**GOAL OF THE EXERCISE**
Nothing should appear in the answer except the lines below from the line containing "this 1600×1200 image." through the line containing "this 1920×1080 image.", copied exactly, with pictures left out.

**DATA EXTRACT**
= Beginning of Section =
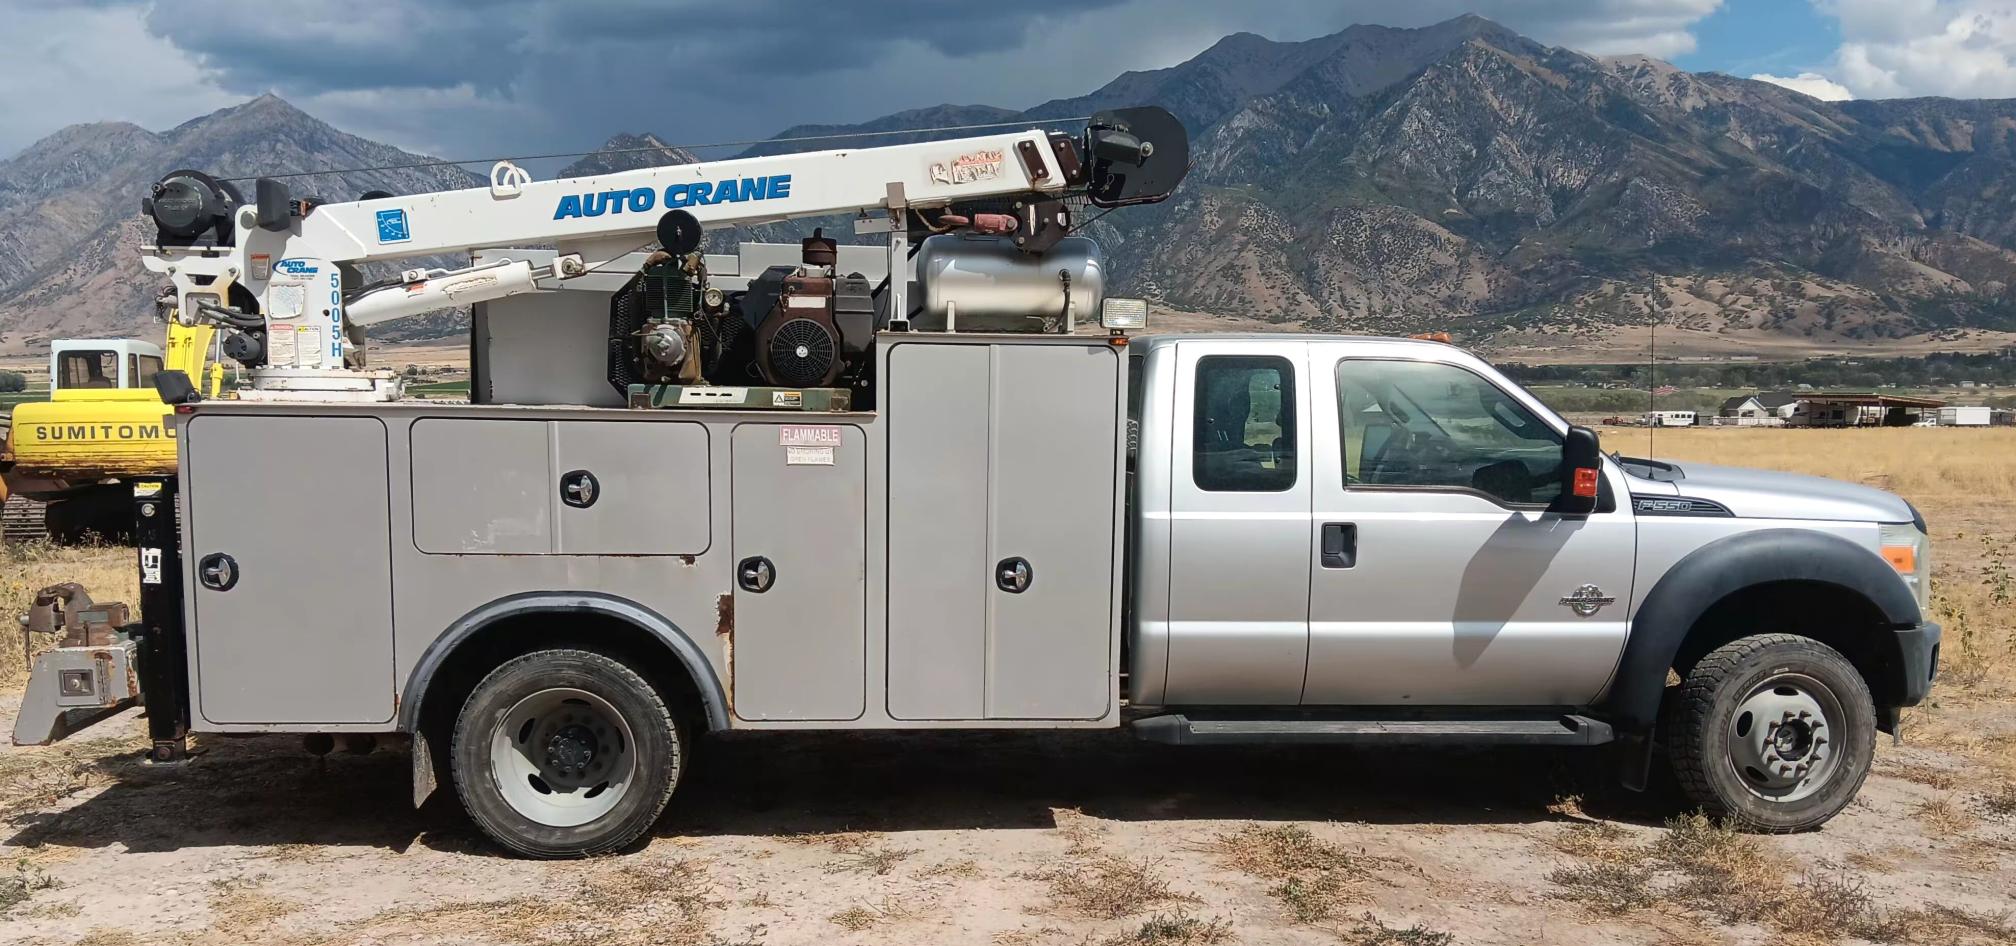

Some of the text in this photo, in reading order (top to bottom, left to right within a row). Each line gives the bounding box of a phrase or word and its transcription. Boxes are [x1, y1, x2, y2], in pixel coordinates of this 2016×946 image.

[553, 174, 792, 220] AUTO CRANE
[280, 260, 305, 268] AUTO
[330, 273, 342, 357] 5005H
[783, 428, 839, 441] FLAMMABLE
= End of Section =
= Beginning of Section =
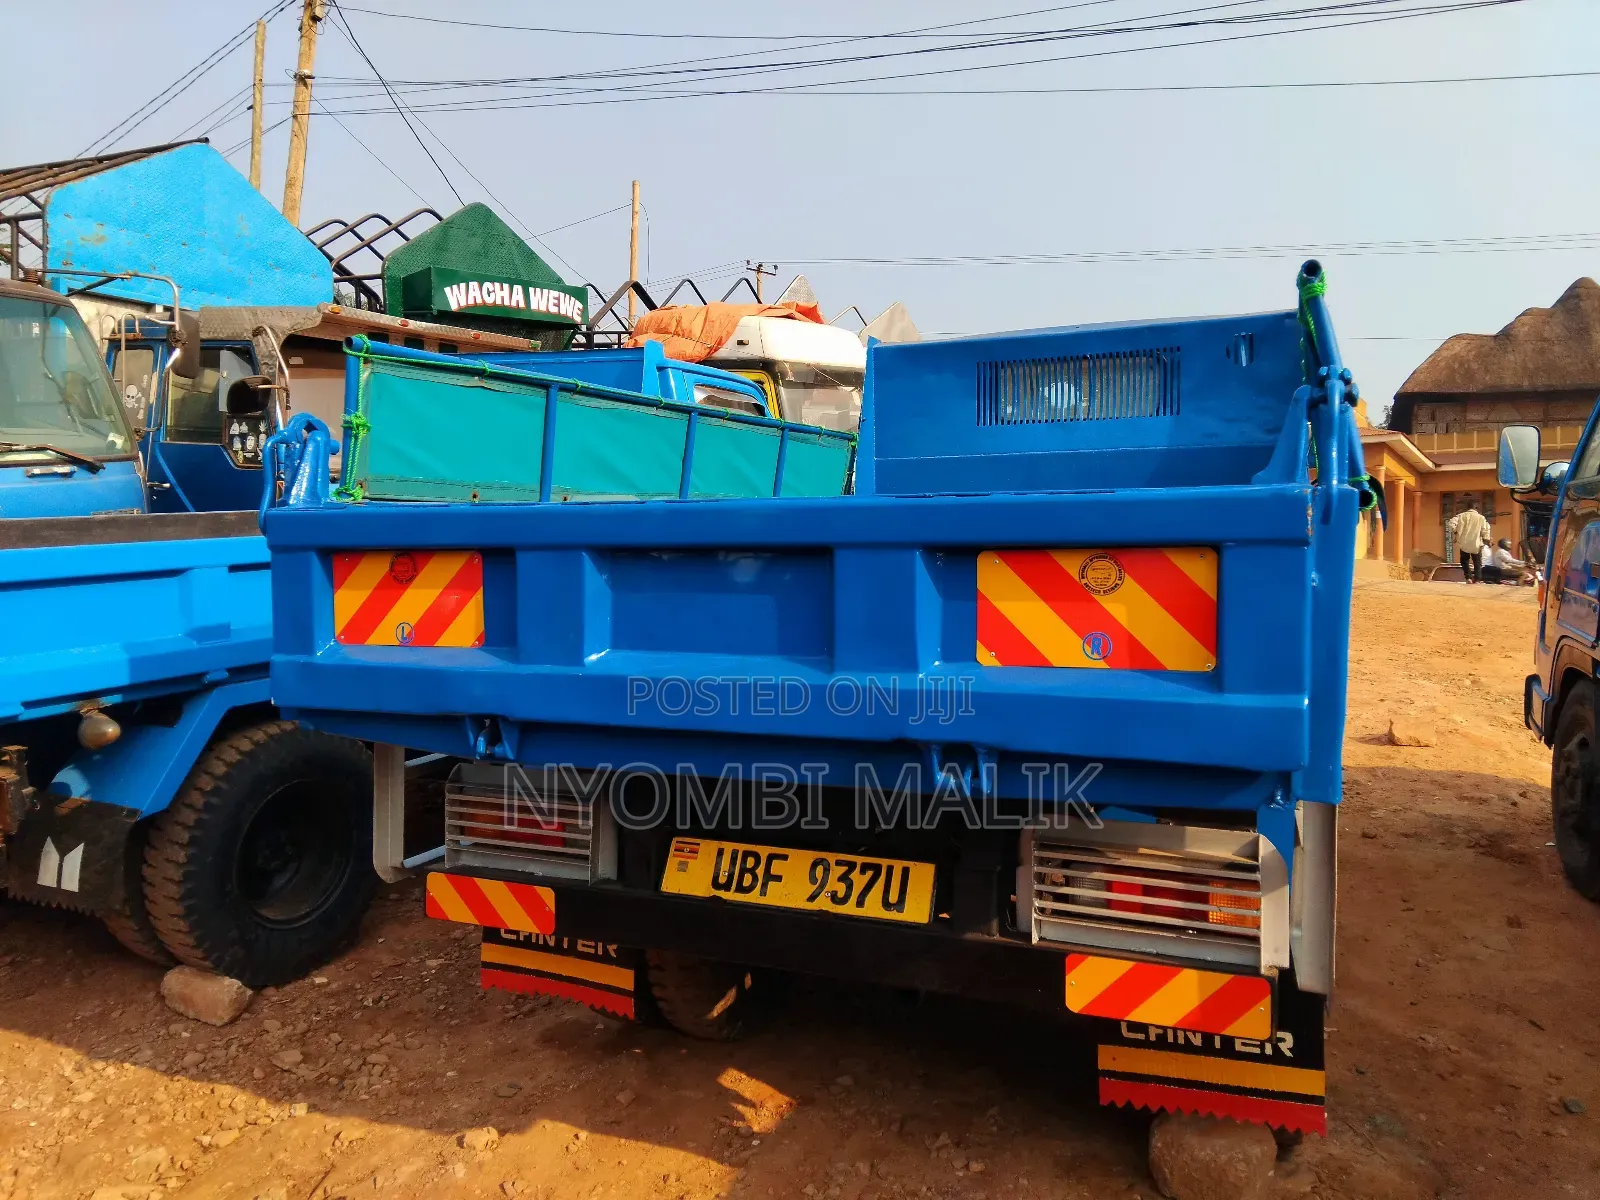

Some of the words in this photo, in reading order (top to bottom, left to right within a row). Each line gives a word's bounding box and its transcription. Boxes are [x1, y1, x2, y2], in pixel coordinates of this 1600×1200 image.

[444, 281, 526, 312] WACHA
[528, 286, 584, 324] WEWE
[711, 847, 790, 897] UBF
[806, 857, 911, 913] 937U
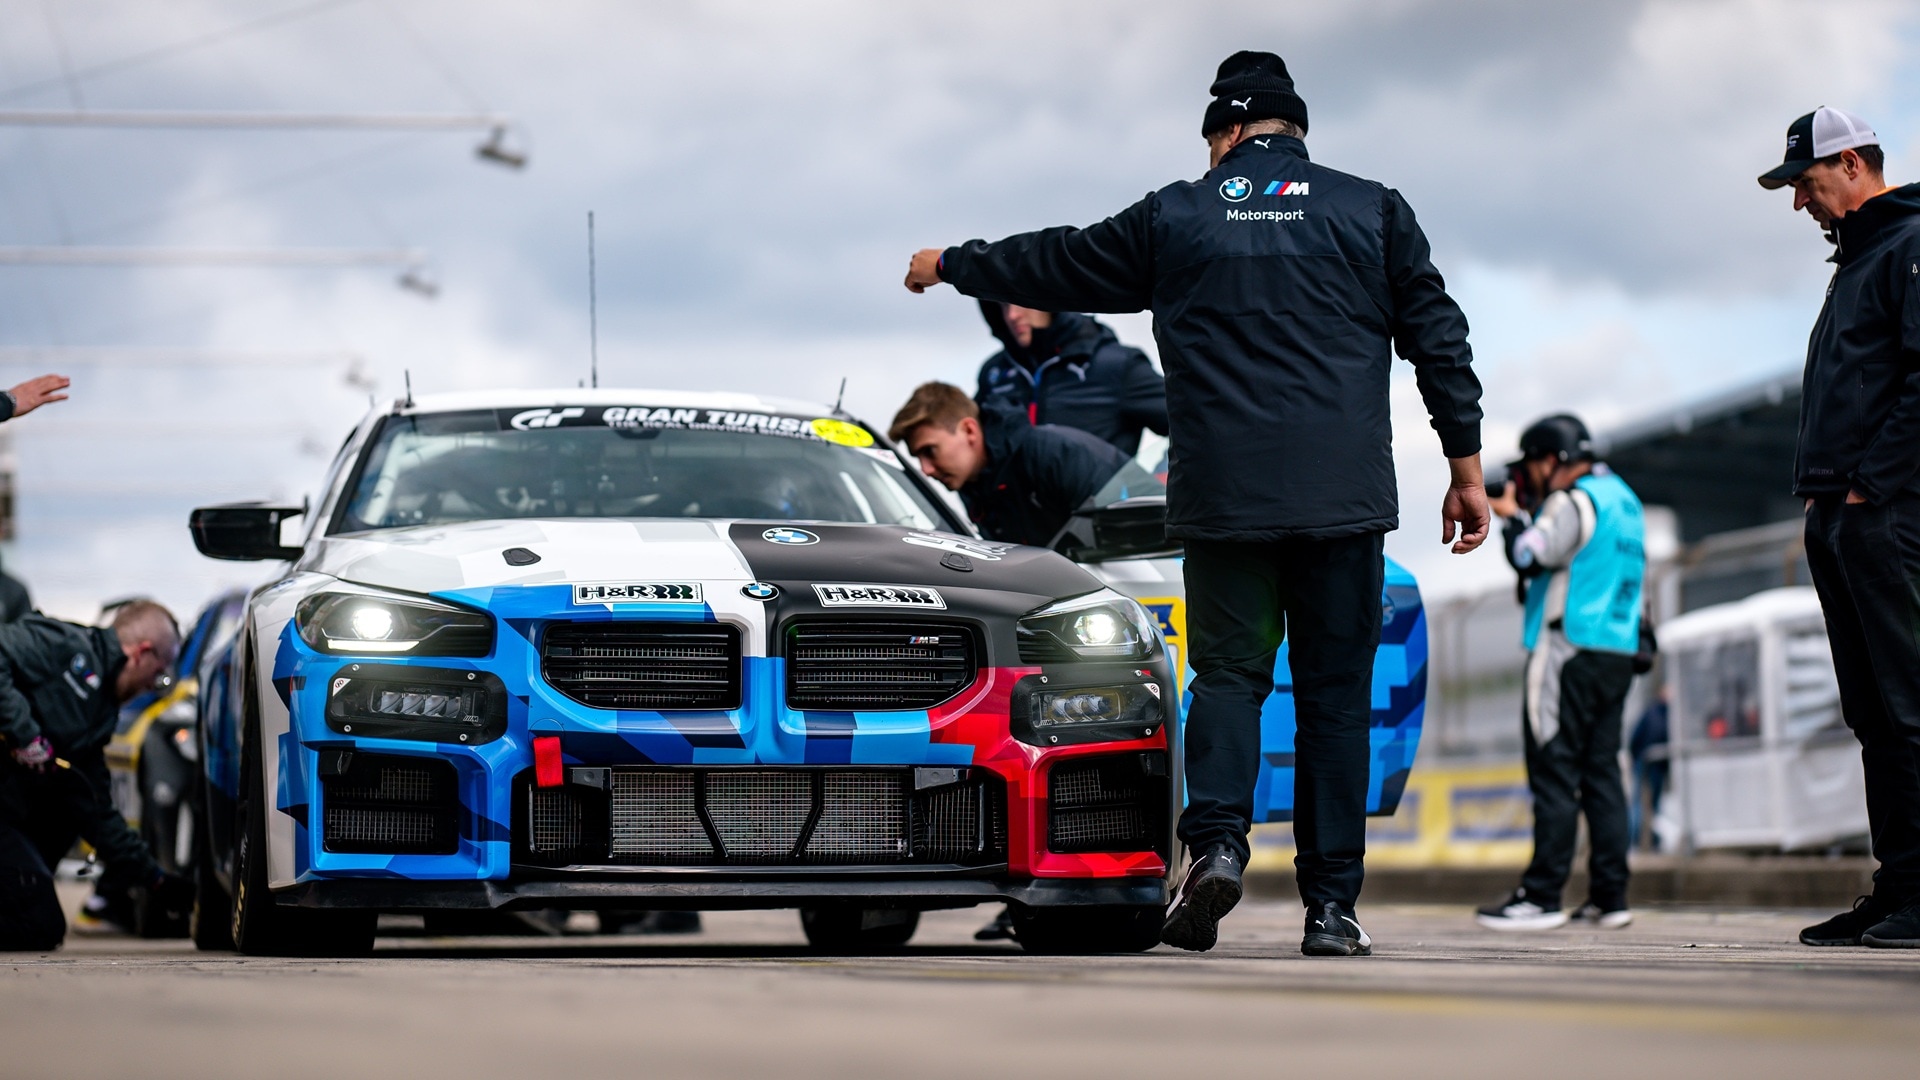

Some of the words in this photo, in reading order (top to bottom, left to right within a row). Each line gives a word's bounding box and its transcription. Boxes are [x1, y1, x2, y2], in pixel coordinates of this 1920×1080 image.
= End of Section =
= Beginning of Section =
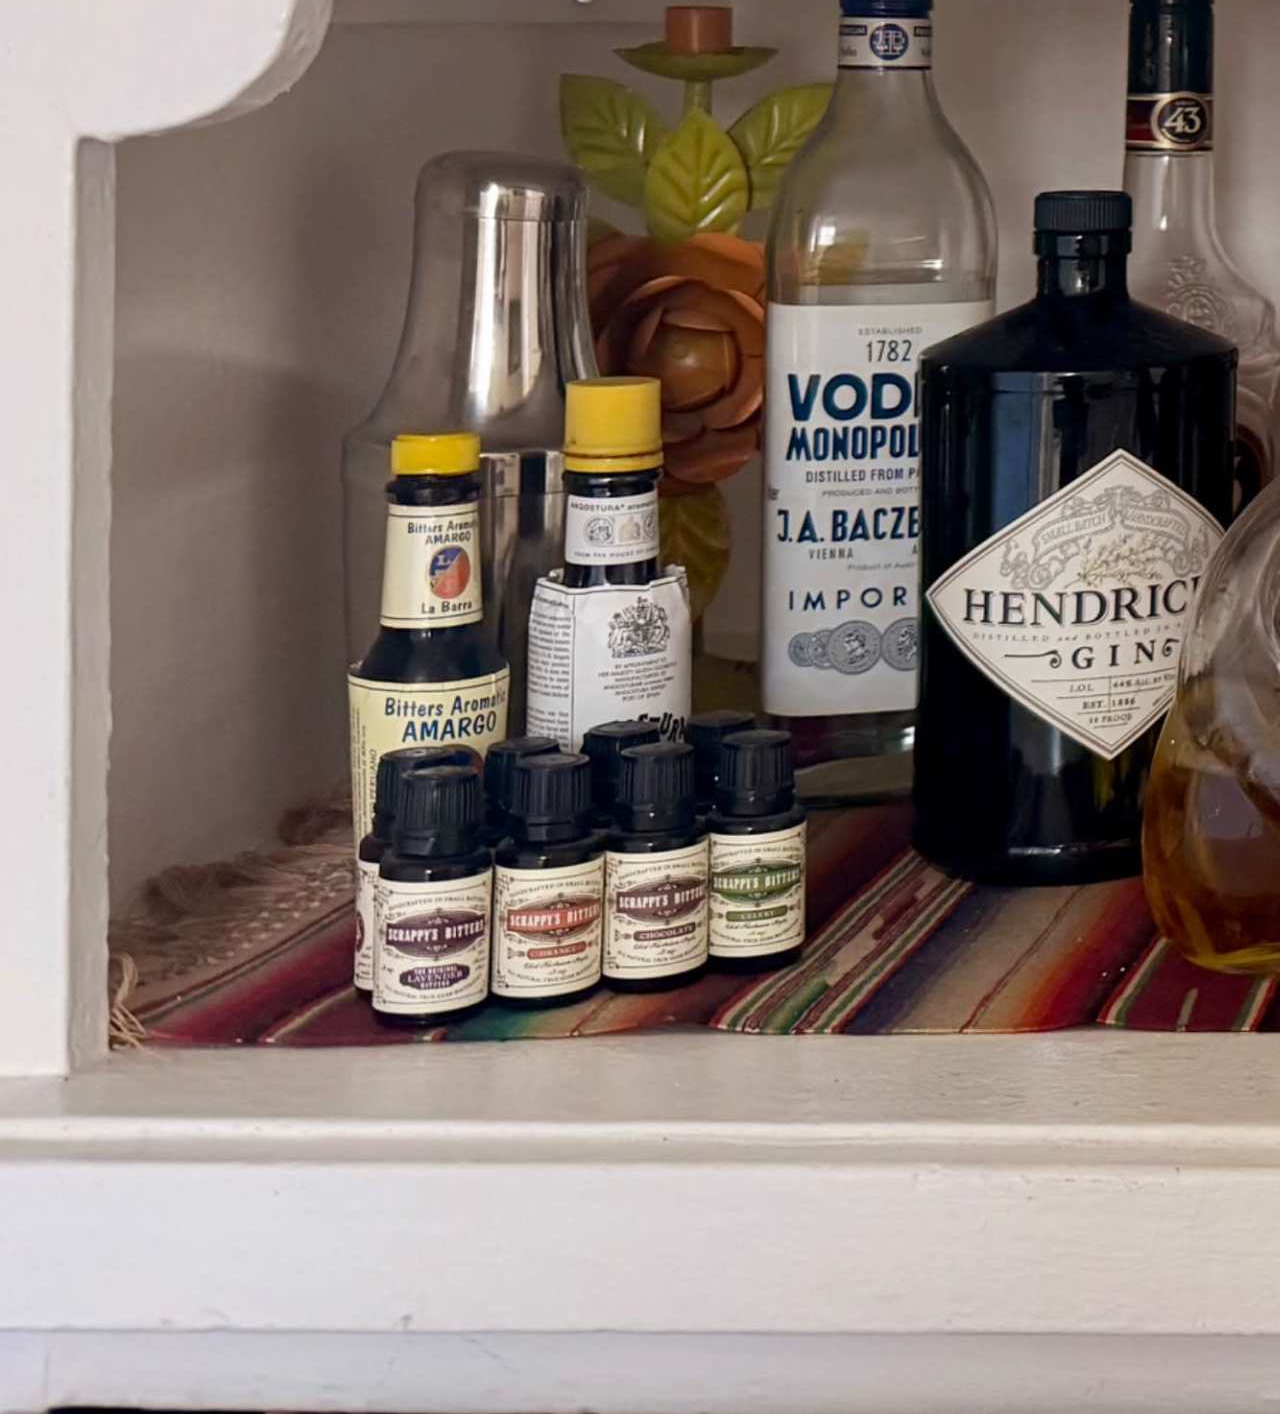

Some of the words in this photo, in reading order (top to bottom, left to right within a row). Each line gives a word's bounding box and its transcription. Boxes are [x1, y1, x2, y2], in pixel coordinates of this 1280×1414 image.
= End of Section =
**TASK ANSWER**
Some of the words in this photo, in reading order (top to bottom, left to right within a row). Each line gives a word's bounding box and its transcription. Boxes are [x1, y1, x2, y2], in pixel coordinates of this 1600×1200 image.

[444, 281, 526, 312] WACHA
[528, 286, 584, 324] WEWE
[711, 847, 790, 897] UBF
[806, 857, 911, 913] 937U

Some of the words in this photo, in reading order (top to bottom, left to right within a row). Each line gives a word's bounding box and its transcription. Boxes are [x1, y1, x2, y2], in pixel coordinates of this 1920×1080 image.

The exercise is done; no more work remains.